THE Royal Bank of Canada (RBC) yesterday pledged its commitment to this country’s young people with the launch of its Future Launch initiative at the Arthur Lok Jack School of Business in Mt Hope.
In making this commitment, RBC Financial Caribbean CEO Darryl White said RBC was making its first donation through Future Launch of $135,000 to Junior Achievement TT.
White said this donation will “go towards supporting JA’s mission to help young people prepare themselves to own their financial future through mentorship, support and important training skills. JA is a non-profit organisation developed in 1970 to prepare and inspire TT’s young people to succeed in a global economy
White explained that through Future Launch , RBC works with young people to bring leading stakeholders, governments, educators, employers and industry experts together. White said an investment in young people and communities is an investment “in our collective future” in TT and across the world.

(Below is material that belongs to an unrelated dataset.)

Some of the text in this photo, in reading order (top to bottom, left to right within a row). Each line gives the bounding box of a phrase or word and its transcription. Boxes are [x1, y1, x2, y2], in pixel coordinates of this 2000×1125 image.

White said challenging economic times require young people to be properly prepared to access the most in demand jobs today. He said recent estimates suggest that six out of ten children entering primary school now will likely end up working in completely new job types “that we can’t even imagine today.”

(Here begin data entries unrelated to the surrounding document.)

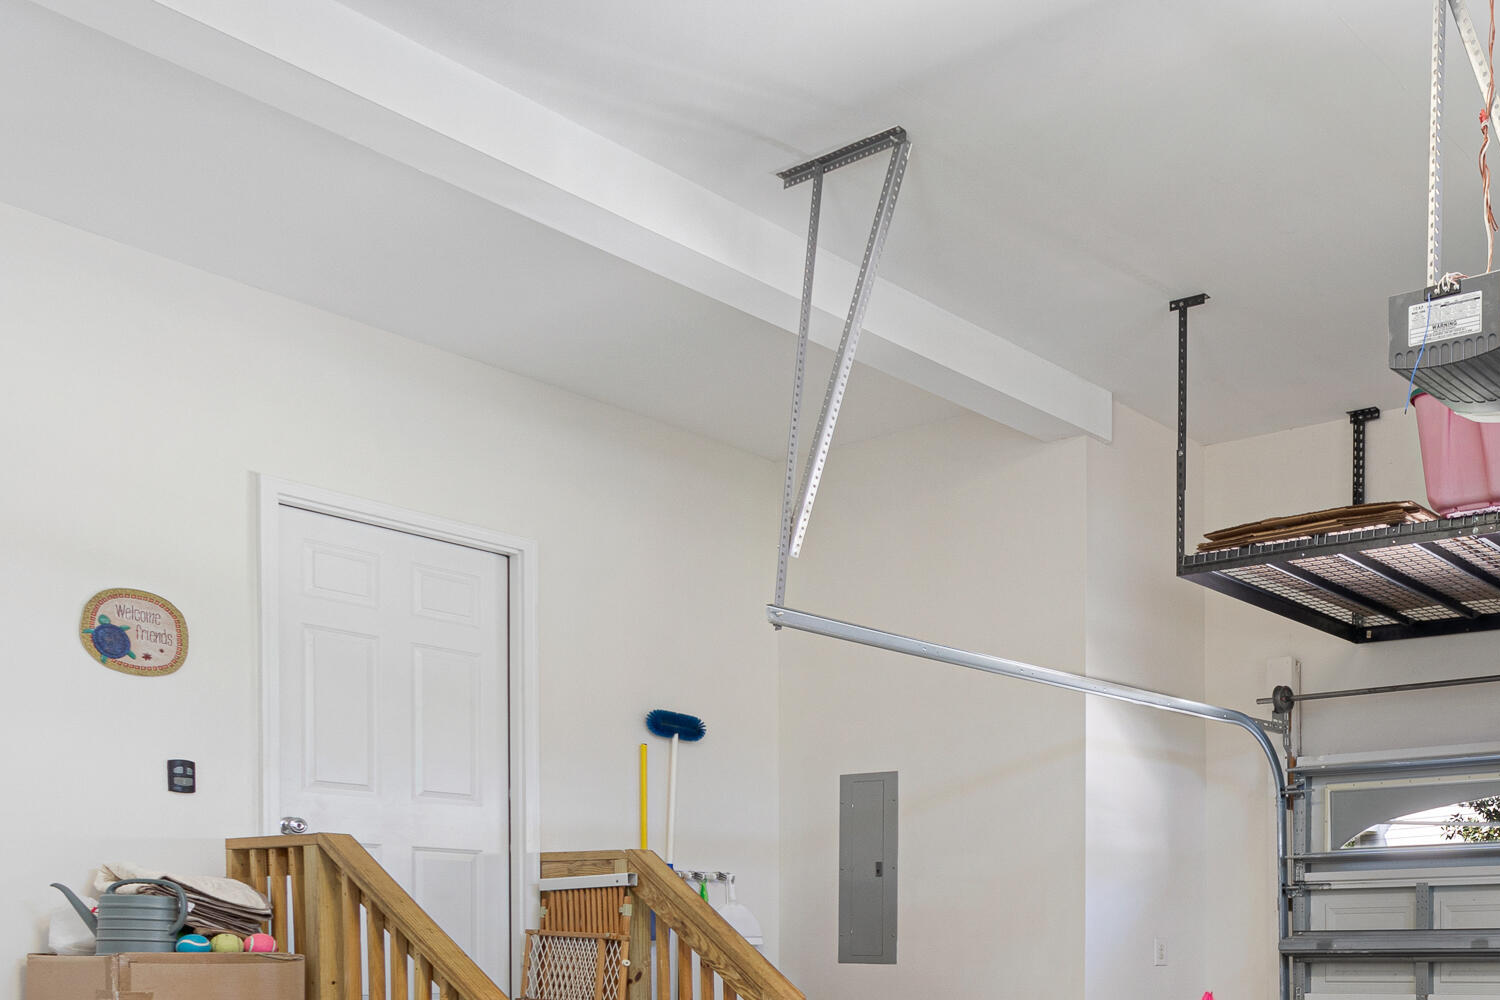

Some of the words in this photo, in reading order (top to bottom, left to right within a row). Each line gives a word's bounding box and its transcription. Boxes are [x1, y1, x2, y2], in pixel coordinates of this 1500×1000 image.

[1432, 320, 1458, 330] WARNING
[115, 604, 161, 626] Welcome
[135, 624, 173, 647] friends
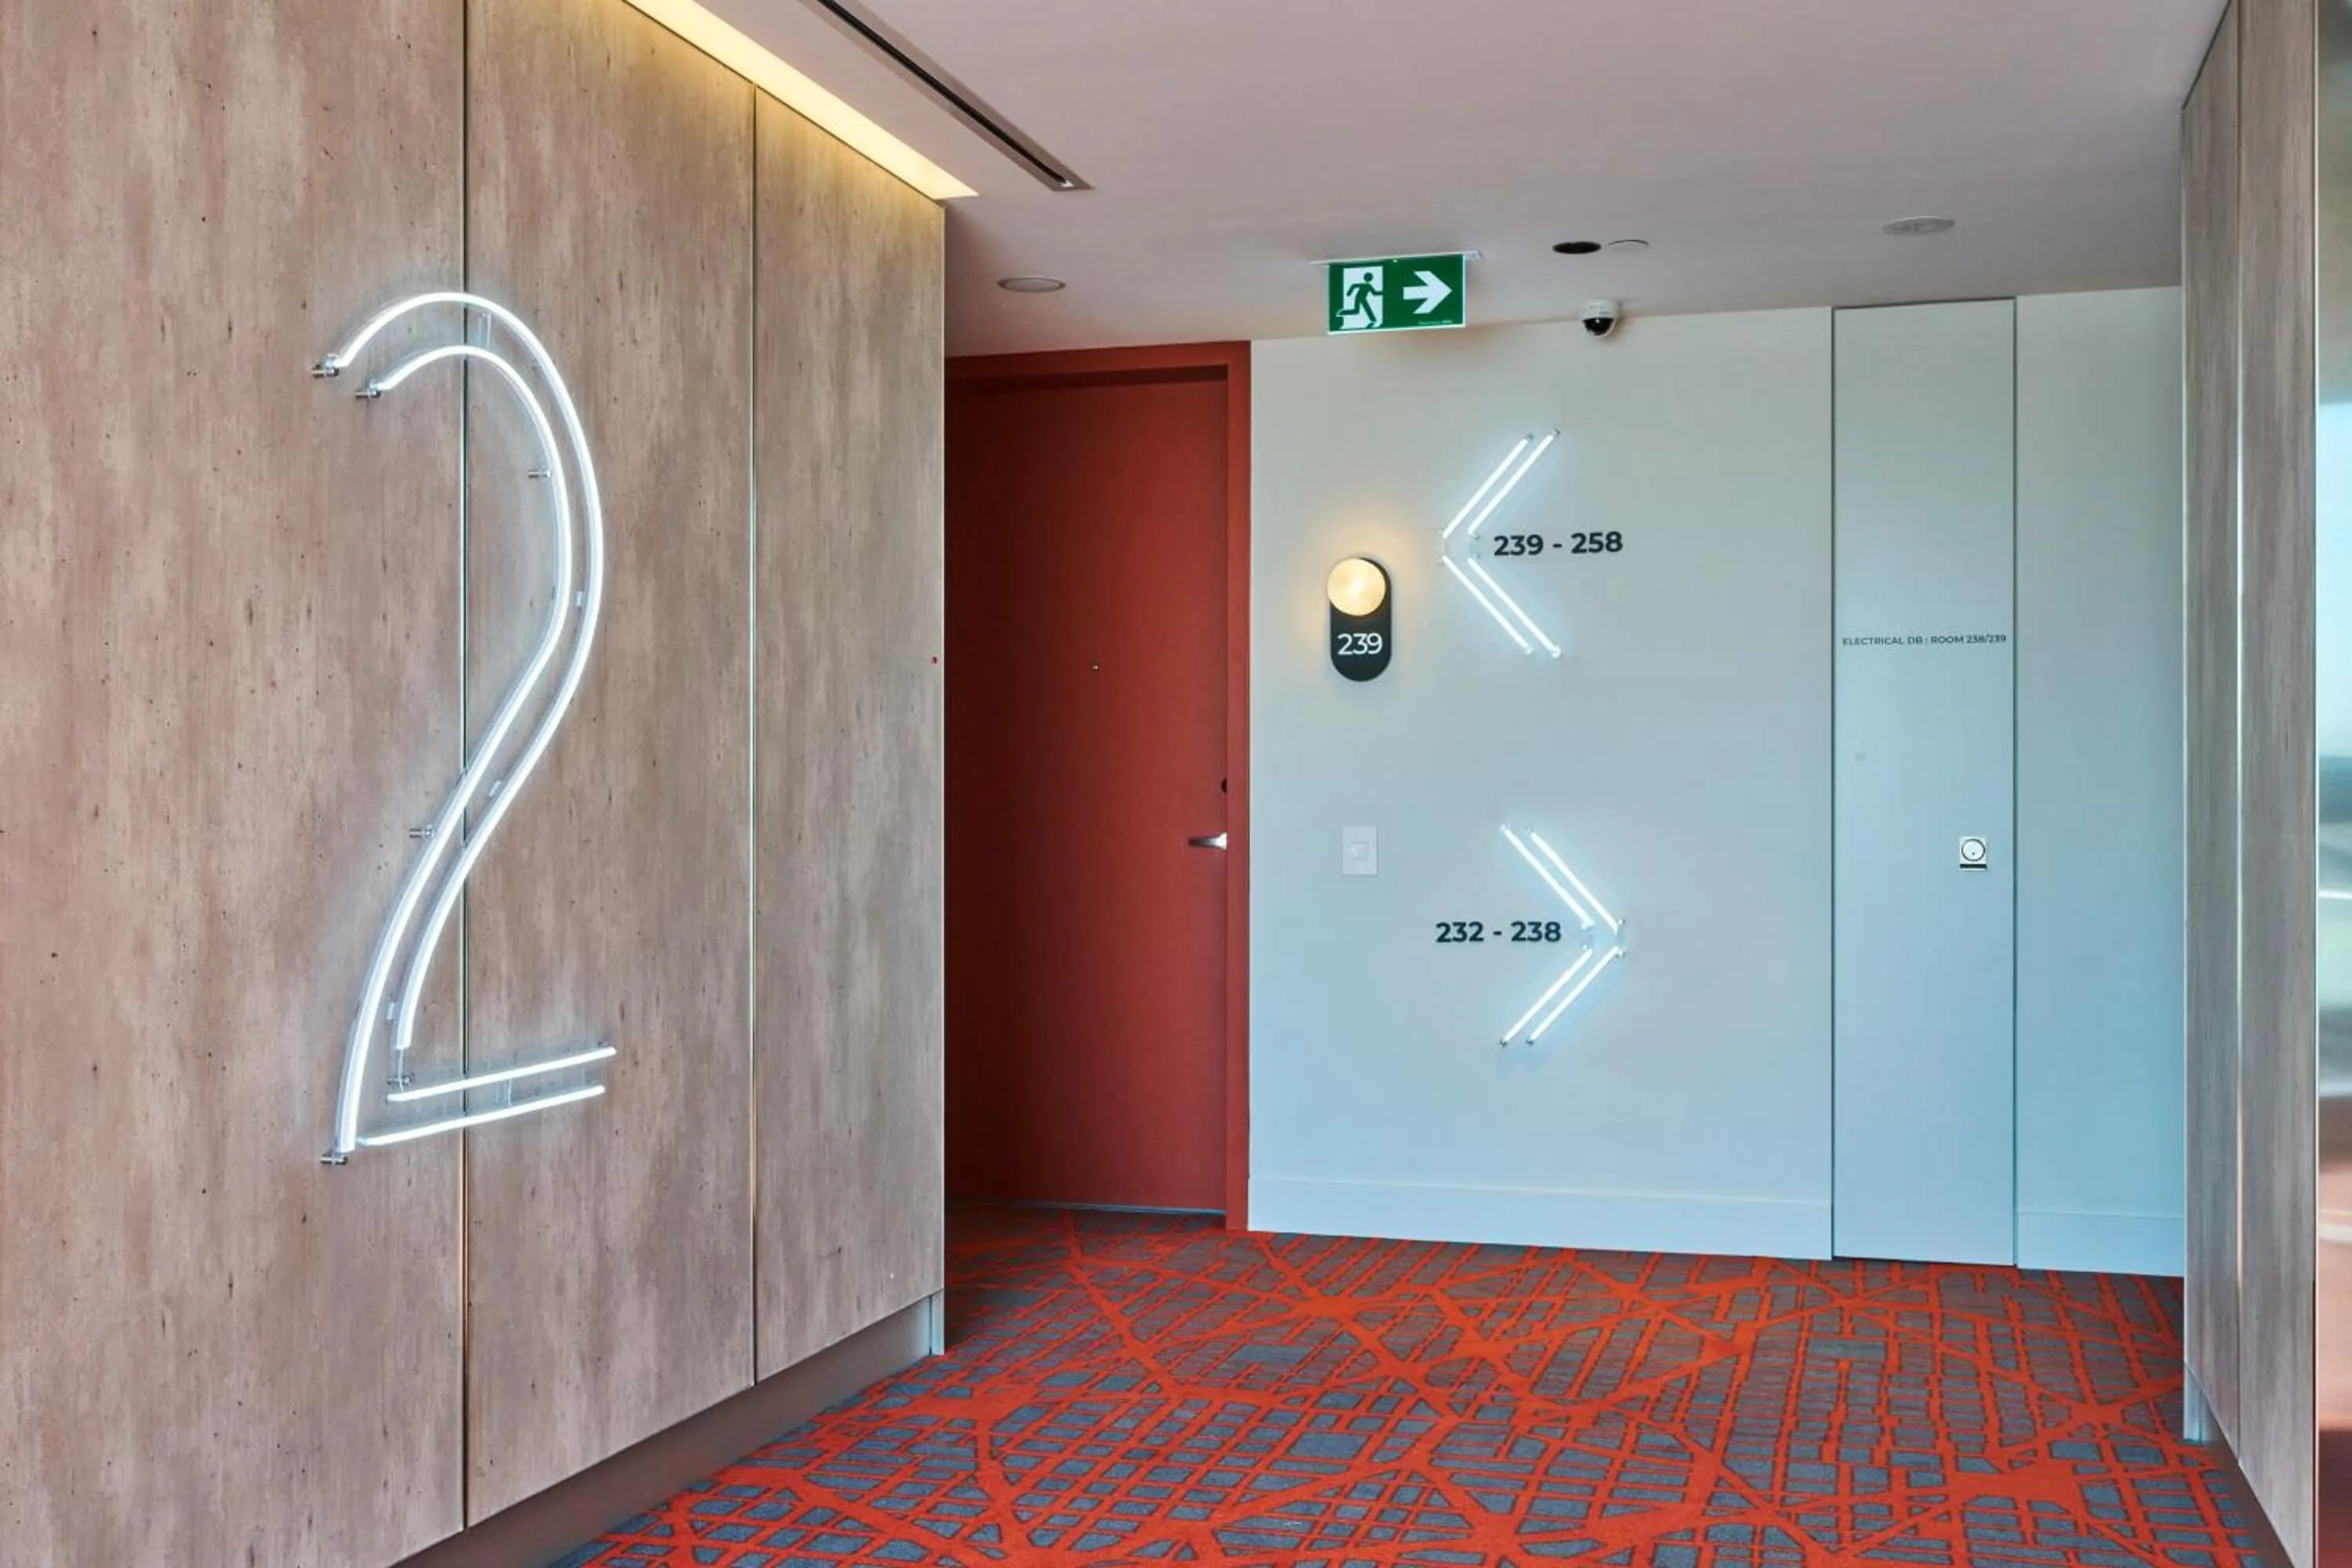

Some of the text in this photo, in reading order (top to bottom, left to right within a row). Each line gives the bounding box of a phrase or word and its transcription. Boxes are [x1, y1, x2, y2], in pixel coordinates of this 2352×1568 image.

[1494, 534, 1544, 556] 239
[1570, 531, 1623, 554] 258
[1338, 633, 1383, 655] 239
[1842, 636, 1904, 646] ELECTRICAL
[1907, 635, 1923, 645] DB
[1930, 634, 1964, 644] ROOM
[1966, 633, 2006, 644] 238/239
[332, 290, 616, 1153] 2
[1436, 921, 1484, 943] 232
[1510, 920, 1562, 942] 238

White said through initiatives like Future Launch, an agile and resilient workforce can be created. He said corporations cannot stay on the sidelines when it comes to education and empowering youths to succeed. “We need to get in the game and take action, facilitate dialogue and most importantly, we need to commit to achieving tangible results.”

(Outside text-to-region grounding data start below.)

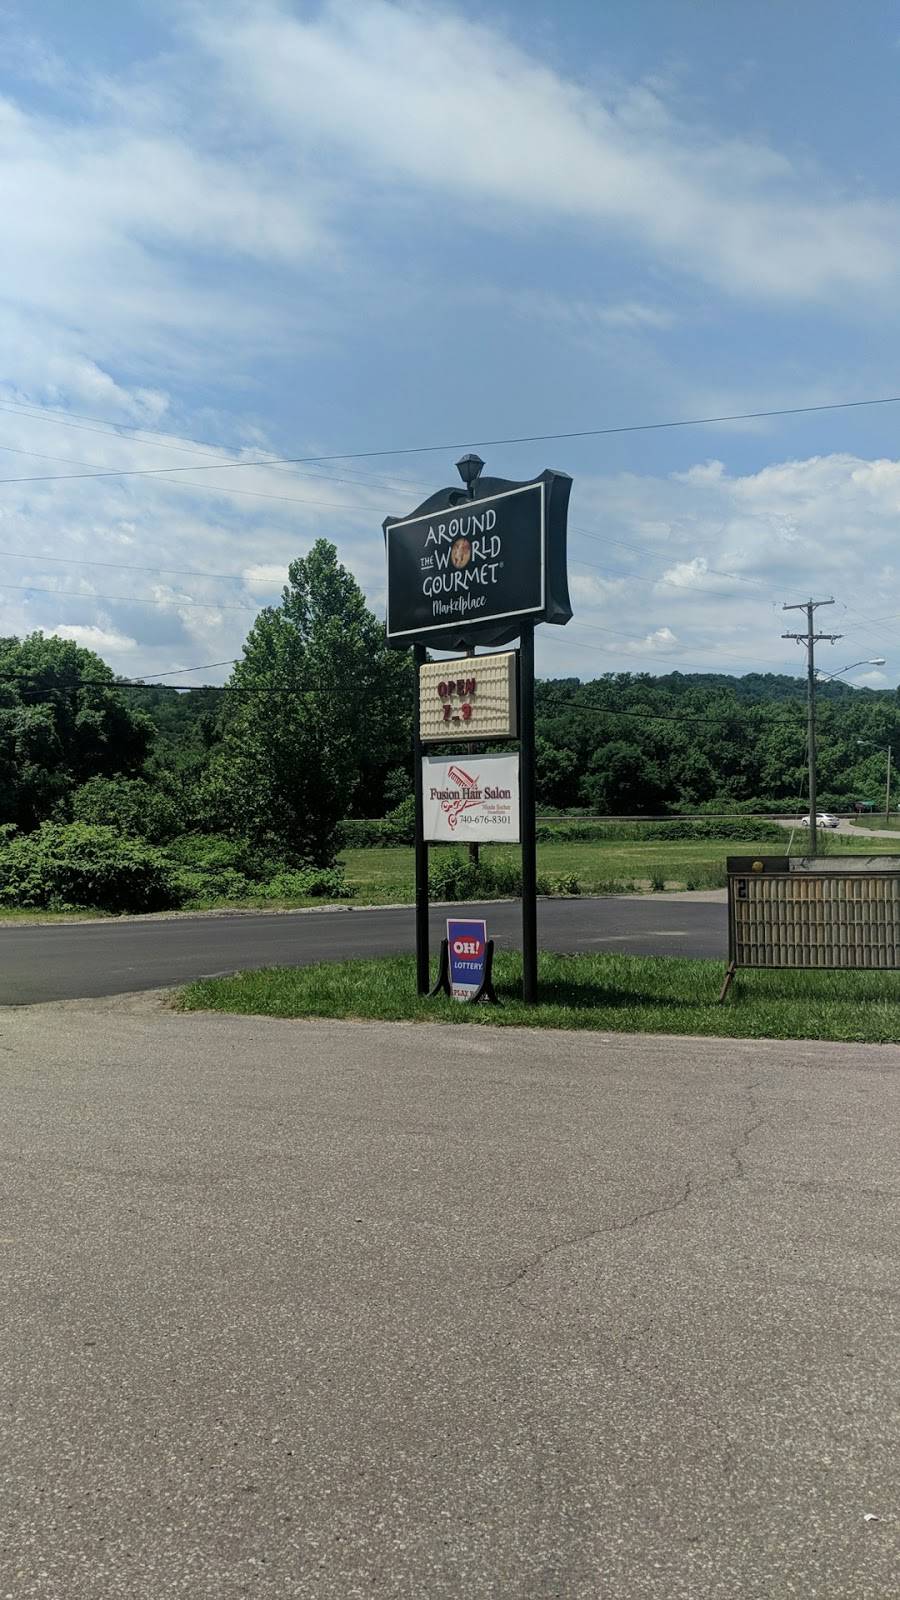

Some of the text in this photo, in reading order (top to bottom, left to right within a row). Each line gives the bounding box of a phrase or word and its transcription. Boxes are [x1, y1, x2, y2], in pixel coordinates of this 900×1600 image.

[424, 509, 497, 547] AROUND
[420, 555, 434, 570] THE
[422, 563, 499, 598] GOURMET
[432, 592, 487, 616] Marketplace
[437, 678, 476, 698] OPEN
[430, 787, 511, 800] Fusion Hair Salon
[460, 815, 511, 824] 740-676-8301
[453, 941, 480, 955] OH!
[454, 961, 483, 971] LOTTERY

Research findings about youth and the future of work in TT showed that 14 to 19 year old youths in Trinidad were split between self-employment and finding jobs in existing establishments. In Tobago, 14 to 19 year old youths were unclear about making the transition from school to work, and about the requirements for what they would like to study. The findings also showed migration is an option for many 20-29 year old youths from Tobago. These people first migrate to Trinidad and then further afield.